Early Science Working Group
Date and Time
Location
Sri Sathvik Rayala (Harvard Divinity School), The Gift of Health: Medicine as Śiva’s Dharma in Premodern India. Please RSVP here to receive a copy of the precirculated paper.
Concerned with the history of premodern Indian medicine, this article examines the scope, scale, and influence of the medical philanthropy undertaken by Śaiva Hindu communities in medieval South Asia. It first begins with a survey of epigraphs in Sanskrit, Tĕlugu, Tamiḻ, and Kannaḍa from various regions of South Asia during the Śaiva Age. Doing so, it identifies a substantive pattern of Śaiva monasteries, temples, and patrons building hospitals, donating medicines, establishing endowments for physicians, and/or teaching medical texts.
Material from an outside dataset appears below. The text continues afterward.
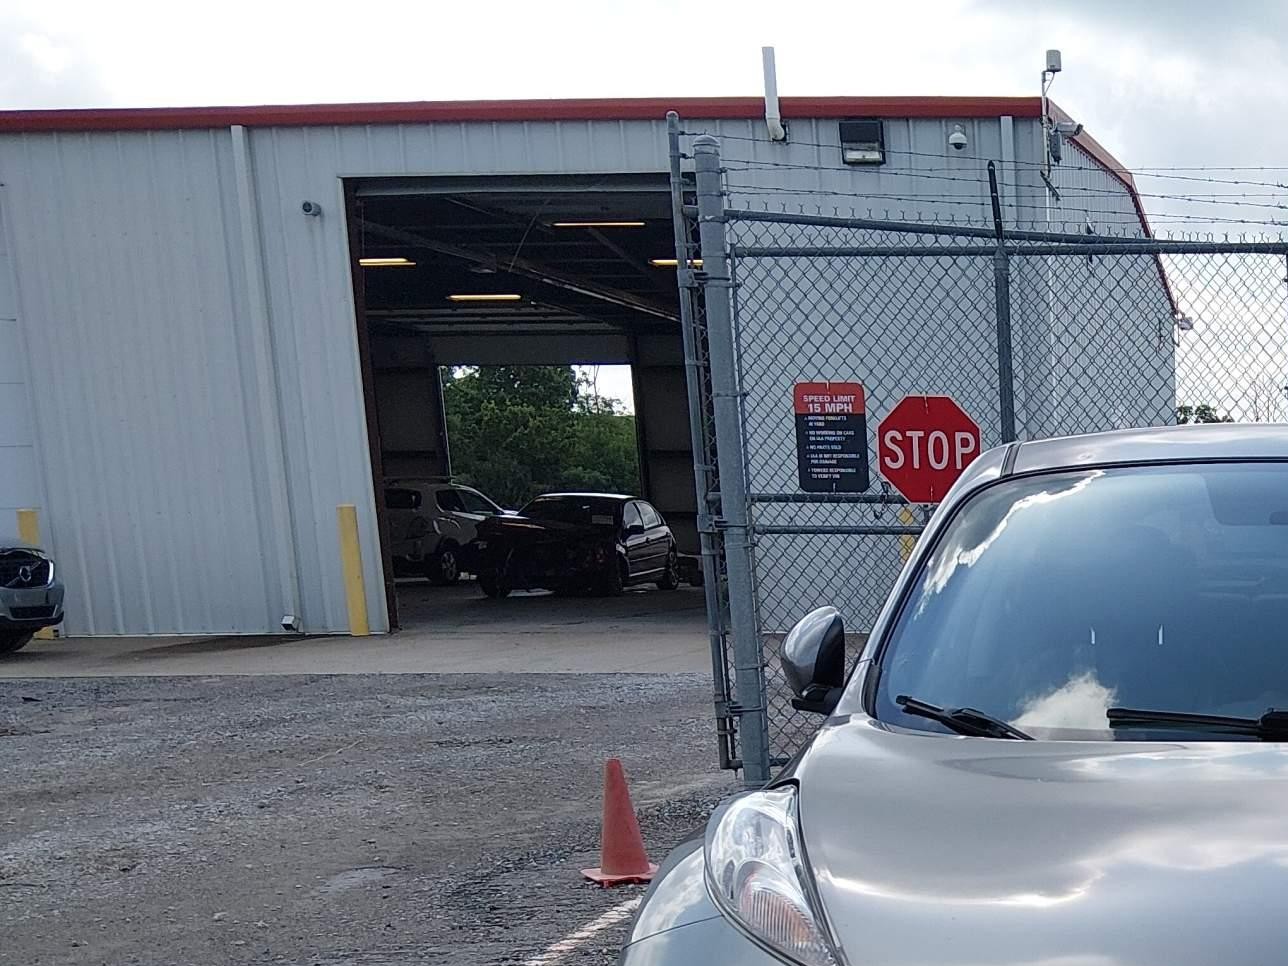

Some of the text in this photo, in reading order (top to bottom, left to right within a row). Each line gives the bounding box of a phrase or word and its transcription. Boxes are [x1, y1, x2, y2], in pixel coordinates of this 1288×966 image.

[802, 395, 856, 403] SPEED LIMIT
[807, 403, 853, 413] 15 MPH
[884, 430, 976, 470] STOP
It then proceeds to recognise the Śivadharma corpus, especially the Śivadharmaśāstra and Śivadharmottara, as a key theoretical guide that almost certainly informed and incentivised Śaiva medical interventions through its conceptualisation of the ārogyadāna (gift of health) as a highly meritorious act of dharma. The article also speaks to how the Śivadharma corpus helped nurture among Śaivas a broader concern for therapeutic interventions and longevity, which I suggest was also reflected in their engagements with alchemy and in their development and circulation of curative Sanskrit tantras. Finally, using philology, this article identifies the impact that the Śivadharma corpus had on both influencing the conceptualisation and normative importance of medical philanthropy in broader Hindu (esp. Smārta) discussions of charity in late medieval digests on dharma.